Work instruction
Can you print the data exactly and leave out each image?

[Annotated photo localization data]
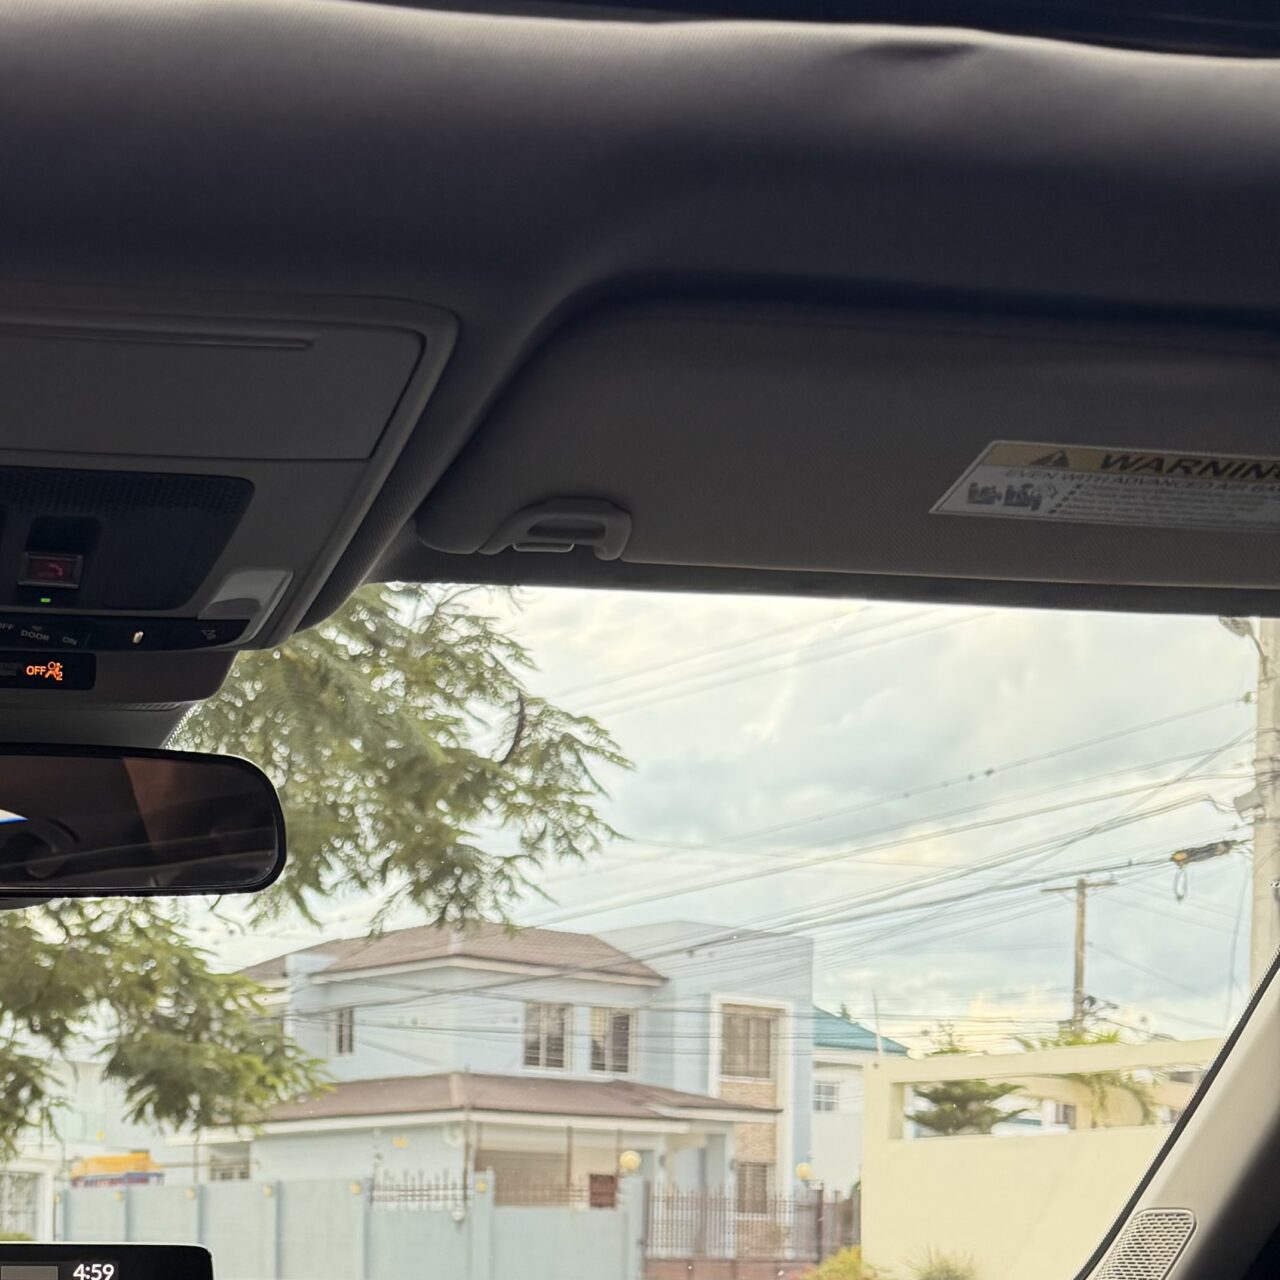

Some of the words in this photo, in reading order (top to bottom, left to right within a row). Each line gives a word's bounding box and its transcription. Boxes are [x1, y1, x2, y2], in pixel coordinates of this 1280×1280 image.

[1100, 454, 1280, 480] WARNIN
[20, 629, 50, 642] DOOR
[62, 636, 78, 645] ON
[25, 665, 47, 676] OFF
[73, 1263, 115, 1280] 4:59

Exercise output
Some of the words in this photo, in reading order (top to bottom, left to right within a row). Each line gives a word's bounding box and its transcription. Boxes are [x1, y1, x2, y2], in pixel coordinates of this 1280×1280 image.

[1100, 454, 1280, 480] WARNIN
[20, 629, 50, 642] DOOR
[62, 636, 78, 645] ON
[25, 665, 47, 676] OFF
[73, 1263, 115, 1280] 4:59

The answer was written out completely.